DIRECTIONS FOR THIS TASK: Please return each of the entries exactly, minus their pictures.

Stored items from a collection:
%%

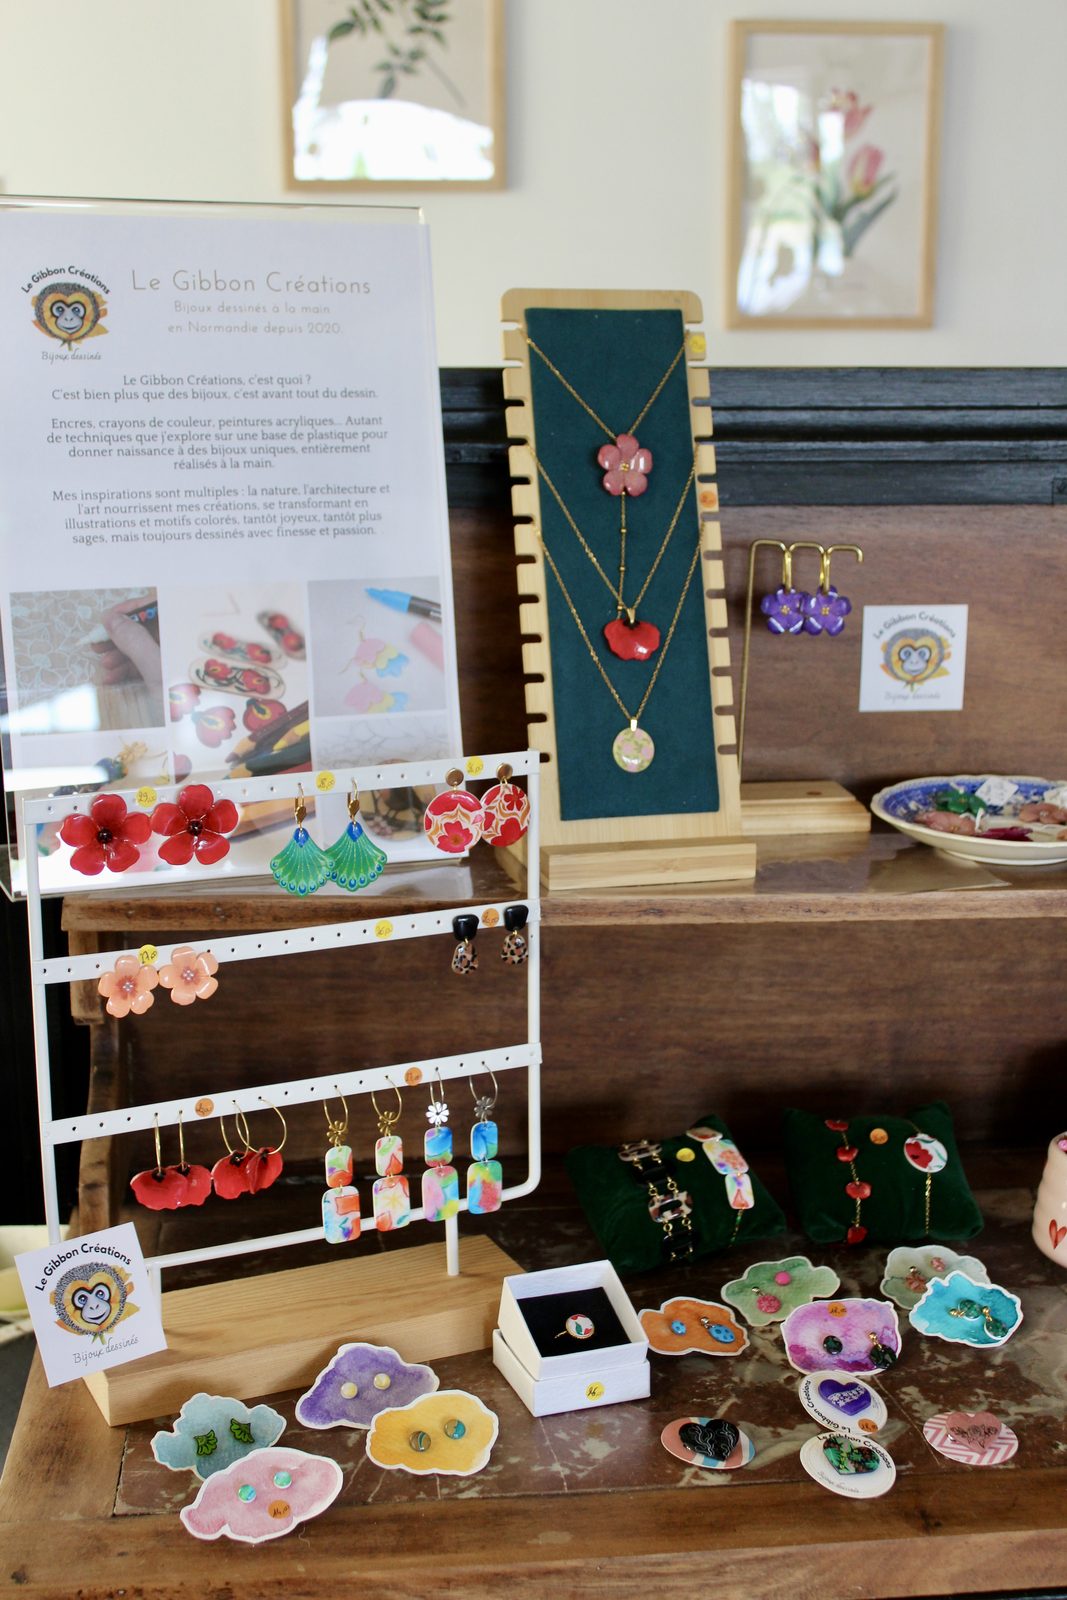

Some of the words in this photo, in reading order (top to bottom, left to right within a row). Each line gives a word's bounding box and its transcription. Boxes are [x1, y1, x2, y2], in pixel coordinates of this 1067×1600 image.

[21, 283, 33, 294] Le
[31, 267, 65, 283] Gibbon
[67, 265, 111, 295] Créations
[131, 269, 160, 290] Le
[172, 269, 255, 292] Gibbon
[265, 271, 371, 294] Créations
[173, 300, 212, 314] Bijoux
[217, 300, 267, 314] dessinés
[271, 302, 280, 313] à
[284, 301, 296, 313] la
[300, 304, 331, 314] main
[167, 323, 182, 333] en
[188, 320, 258, 334] Normandie
[263, 321, 303, 337] depuis
[307, 322, 343, 334] 2020.
[41, 351, 70, 365] Bijoux
[70, 347, 101, 360] dessinés
[123, 375, 137, 386] Le
[140, 375, 184, 386] Gibbon
[187, 375, 246, 387] Créations,
[248, 375, 274, 385] c'est
[276, 375, 303, 388] quoi
[305, 375, 311, 385] ?
[52, 389, 80, 400] C'est
[84, 389, 110, 400] bien
[114, 389, 139, 403] plus
[142, 391, 165, 402] que
[168, 389, 188, 400] des
[191, 389, 231, 401] bijoux,
[234, 389, 259, 399] c'est
[262, 390, 293, 399] avant
[296, 390, 319, 399] tout
[322, 388, 338, 398] du
[340, 388, 379, 398] dessin.
[52, 418, 96, 430] Encres,
[98, 419, 146, 431] crayons
[149, 416, 164, 428] de
[166, 416, 215, 429] couleur,
[219, 416, 273, 430] peintures
[345, 416, 383, 426] Autant
[47, 432, 62, 443] de
[65, 431, 132, 445] techniques
[135, 433, 158, 446] que
[161, 431, 212, 444] j'explore
[214, 432, 233, 441] sur
[237, 432, 258, 440] une
[261, 430, 287, 441] base
[290, 429, 306, 440] de
[307, 429, 359, 442] plastique
[361, 430, 388, 442] pour
[68, 447, 113, 457] donner
[117, 446, 174, 456] naissance
[177, 445, 185, 455] à
[187, 445, 208, 455] des
[211, 444, 246, 456] bijoux
[250, 444, 299, 457] uniques,
[301, 443, 371, 454] entièrement
[174, 458, 218, 470] réalisés
[220, 459, 227, 469] à
[230, 458, 240, 468] la
[243, 458, 275, 468] main.
[52, 490, 77, 501] Mes
[81, 489, 151, 503] inspirations
[155, 488, 180, 499] sont
[184, 486, 239, 500] multiples
[248, 485, 257, 496] la
[261, 486, 301, 496] nature,
[304, 484, 377, 495] l'architecture
[379, 484, 390, 494] et
[78, 503, 100, 515] l'art
[104, 502, 173, 514] nourrissent
[176, 503, 200, 512] mes
[203, 501, 260, 511] créations,
[263, 501, 275, 510] se
[278, 498, 350, 510] transformant
[354, 499, 368, 508] en
[65, 517, 136, 530] illustrations
[139, 516, 151, 528] et
[154, 515, 191, 527] motifs
[194, 514, 240, 526] colorés,
[243, 512, 277, 524] tantôt
[280, 512, 320, 525] joyeux,
[323, 511, 356, 522] tantôt
[358, 510, 382, 524] plus
[72, 534, 108, 547] sages,
[111, 532, 139, 543] mais
[142, 530, 192, 543] toujours
[195, 528, 244, 540] dessinés
[247, 528, 273, 538] avec
[276, 526, 316, 537] finesse
[319, 526, 329, 536] et
[332, 525, 376, 538] passion.
[35, 1277, 48, 1292] Le
[43, 1248, 79, 1277] Gibbon
[81, 1243, 132, 1266] Créations
[72, 1350, 106, 1367] Bijoux
[105, 1334, 140, 1353] dessinés
[814, 1408, 840, 1429] Gibbon
[841, 1426, 851, 1434] Le
[863, 1440, 892, 1469] Créations

%%

PROBLEM SOLUTION:
Some of the words in this photo, in reading order (top to bottom, left to right within a row). Each line gives a word's bounding box and its transcription. Boxes are [x1, y1, x2, y2], in pixel coordinates of this 1067×1600 image.

[21, 283, 33, 294] Le
[31, 267, 65, 283] Gibbon
[67, 265, 111, 295] Créations
[131, 269, 160, 290] Le
[172, 269, 255, 292] Gibbon
[265, 271, 371, 294] Créations
[173, 300, 212, 314] Bijoux
[217, 300, 267, 314] dessinés
[271, 302, 280, 313] à
[284, 301, 296, 313] la
[300, 304, 331, 314] main
[167, 323, 182, 333] en
[188, 320, 258, 334] Normandie
[263, 321, 303, 337] depuis
[307, 322, 343, 334] 2020.
[41, 351, 70, 365] Bijoux
[70, 347, 101, 360] dessinés
[123, 375, 137, 386] Le
[140, 375, 184, 386] Gibbon
[187, 375, 246, 387] Créations,
[248, 375, 274, 385] c'est
[276, 375, 303, 388] quoi
[305, 375, 311, 385] ?
[52, 389, 80, 400] C'est
[84, 389, 110, 400] bien
[114, 389, 139, 403] plus
[142, 391, 165, 402] que
[168, 389, 188, 400] des
[191, 389, 231, 401] bijoux,
[234, 389, 259, 399] c'est
[262, 390, 293, 399] avant
[296, 390, 319, 399] tout
[322, 388, 338, 398] du
[340, 388, 379, 398] dessin.
[52, 418, 96, 430] Encres,
[98, 419, 146, 431] crayons
[149, 416, 164, 428] de
[166, 416, 215, 429] couleur,
[219, 416, 273, 430] peintures
[345, 416, 383, 426] Autant
[47, 432, 62, 443] de
[65, 431, 132, 445] techniques
[135, 433, 158, 446] que
[161, 431, 212, 444] j'explore
[214, 432, 233, 441] sur
[237, 432, 258, 440] une
[261, 430, 287, 441] base
[290, 429, 306, 440] de
[307, 429, 359, 442] plastique
[361, 430, 388, 442] pour
[68, 447, 113, 457] donner
[117, 446, 174, 456] naissance
[177, 445, 185, 455] à
[187, 445, 208, 455] des
[211, 444, 246, 456] bijoux
[250, 444, 299, 457] uniques,
[301, 443, 371, 454] entièrement
[174, 458, 218, 470] réalisés
[220, 459, 227, 469] à
[230, 458, 240, 468] la
[243, 458, 275, 468] main.
[52, 490, 77, 501] Mes
[81, 489, 151, 503] inspirations
[155, 488, 180, 499] sont
[184, 486, 239, 500] multiples
[248, 485, 257, 496] la
[261, 486, 301, 496] nature,
[304, 484, 377, 495] l'architecture
[379, 484, 390, 494] et
[78, 503, 100, 515] l'art
[104, 502, 173, 514] nourrissent
[176, 503, 200, 512] mes
[203, 501, 260, 511] créations,
[263, 501, 275, 510] se
[278, 498, 350, 510] transformant
[354, 499, 368, 508] en
[65, 517, 136, 530] illustrations
[139, 516, 151, 528] et
[154, 515, 191, 527] motifs
[194, 514, 240, 526] colorés,
[243, 512, 277, 524] tantôt
[280, 512, 320, 525] joyeux,
[323, 511, 356, 522] tantôt
[358, 510, 382, 524] plus
[72, 534, 108, 547] sages,
[111, 532, 139, 543] mais
[142, 530, 192, 543] toujours
[195, 528, 244, 540] dessinés
[247, 528, 273, 538] avec
[276, 526, 316, 537] finesse
[319, 526, 329, 536] et
[332, 525, 376, 538] passion.
[35, 1277, 48, 1292] Le
[43, 1248, 79, 1277] Gibbon
[81, 1243, 132, 1266] Créations
[72, 1350, 106, 1367] Bijoux
[105, 1334, 140, 1353] dessinés
[814, 1408, 840, 1429] Gibbon
[841, 1426, 851, 1434] Le
[863, 1440, 892, 1469] Créations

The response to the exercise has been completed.